■ **What needs to be done**:
Please return each entry exactly as it appears, but not the pictures.

[Stored data entries]
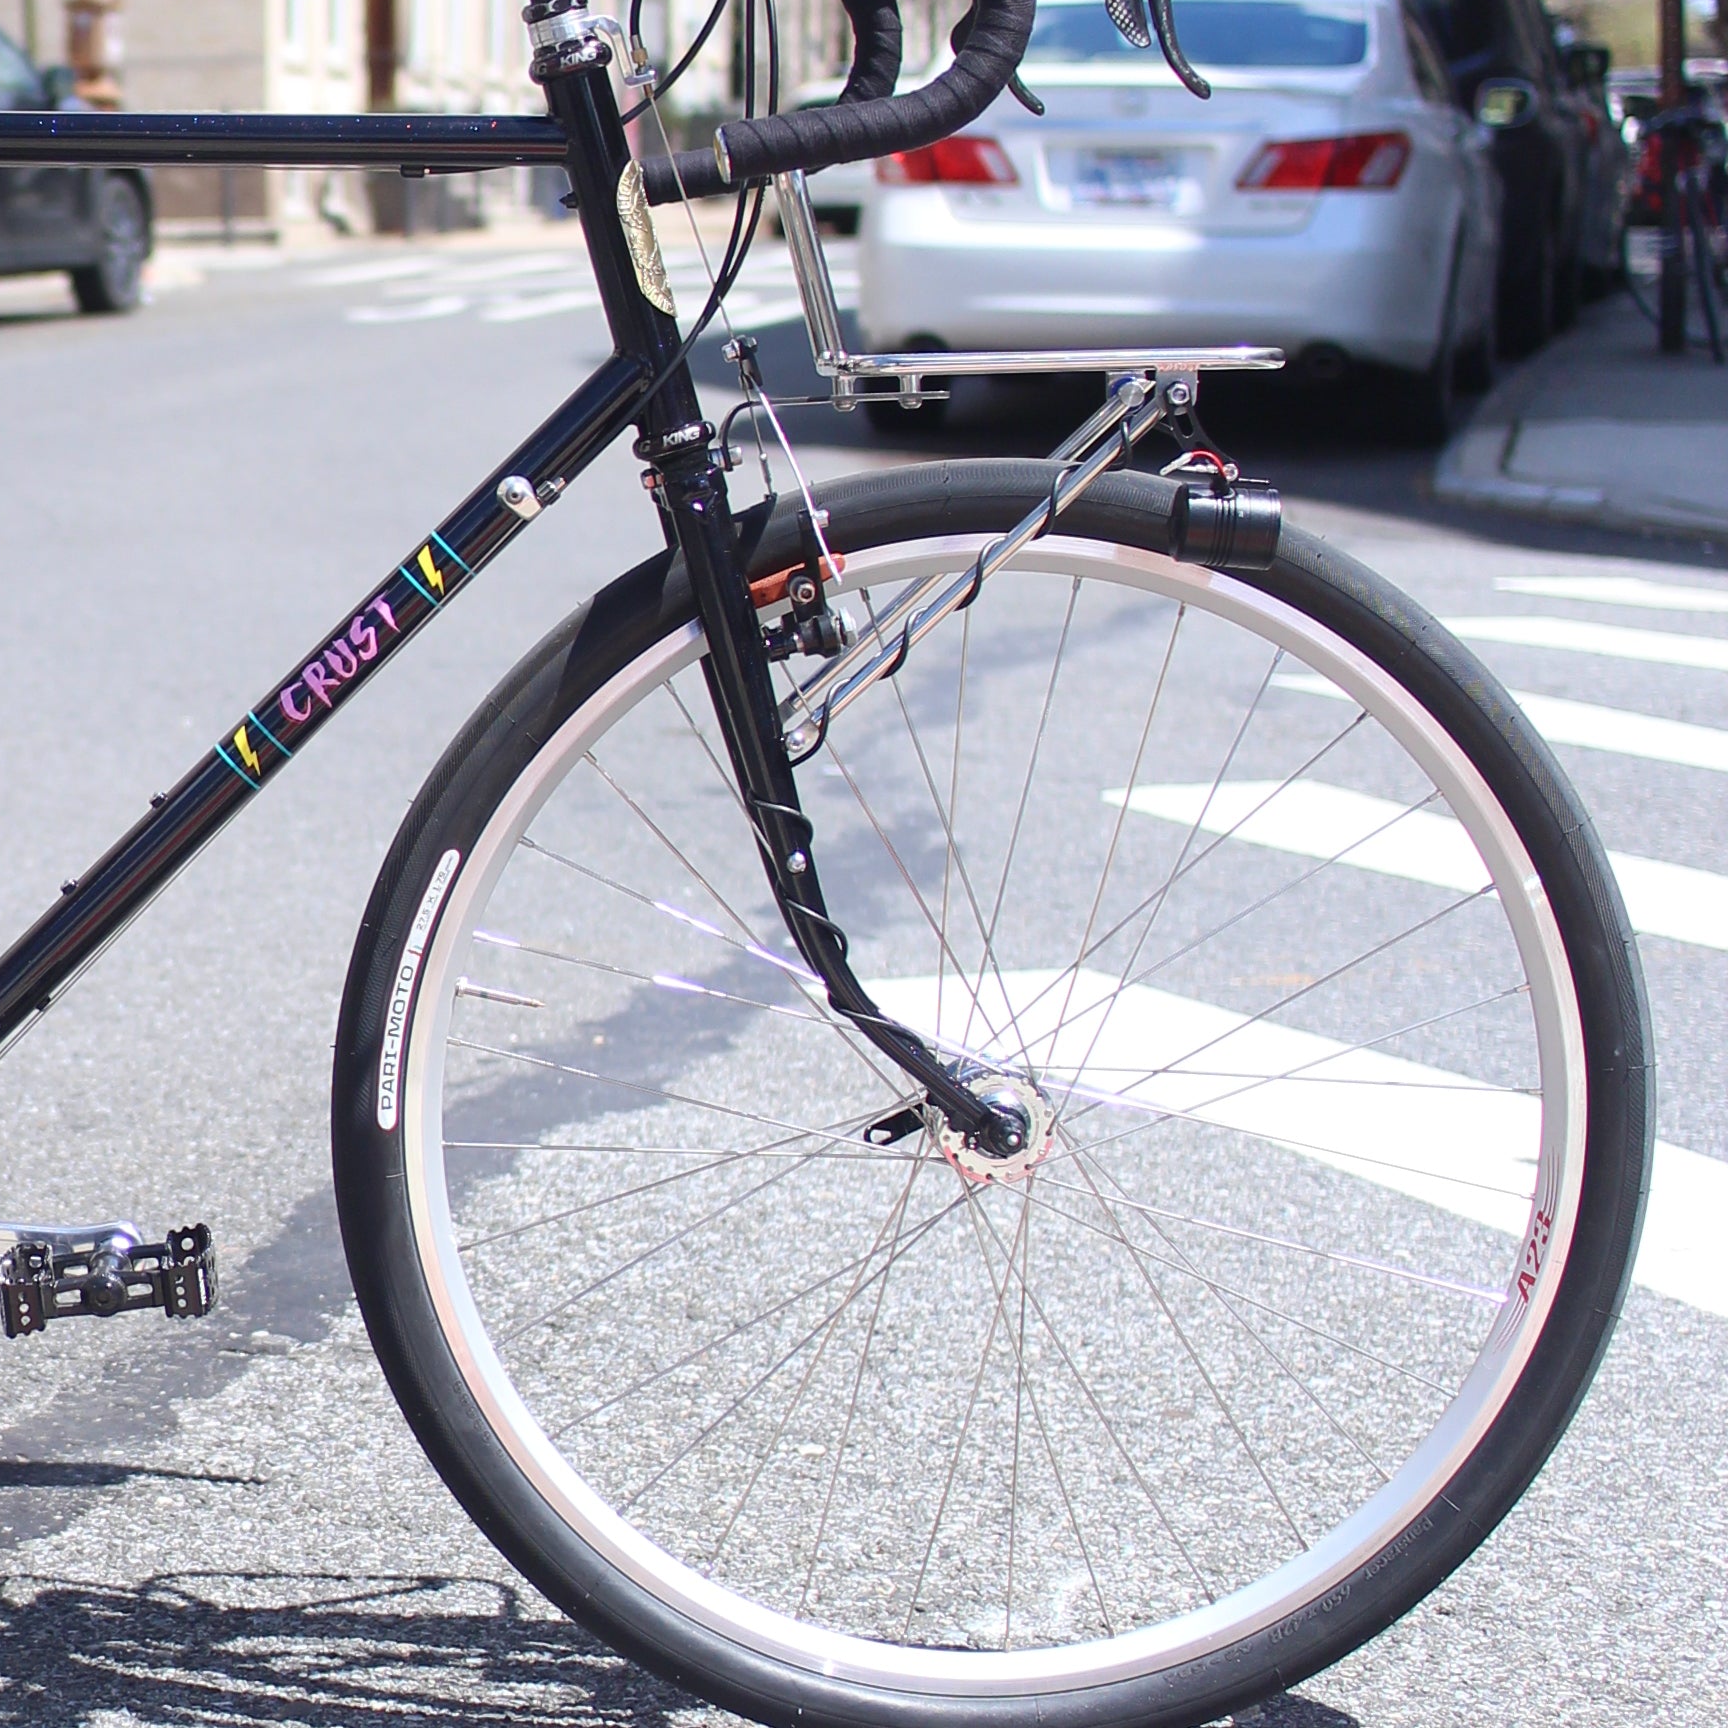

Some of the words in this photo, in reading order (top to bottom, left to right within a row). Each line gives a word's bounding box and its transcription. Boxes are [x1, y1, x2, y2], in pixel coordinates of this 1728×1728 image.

[560, 47, 597, 69] KING
[662, 425, 701, 448] KING
[279, 589, 401, 722] CRUST
[380, 964, 414, 1111] PARI-MOTO
[1516, 1209, 1552, 1304] A23

■ **Answer box**:
Some of the words in this photo, in reading order (top to bottom, left to right within a row). Each line gives a word's bounding box and its transcription. Boxes are [x1, y1, x2, y2], in pixel coordinates of this 1728×1728 image.

[560, 47, 597, 69] KING
[662, 425, 701, 448] KING
[279, 589, 401, 722] CRUST
[380, 964, 414, 1111] PARI-MOTO
[1516, 1209, 1552, 1304] A23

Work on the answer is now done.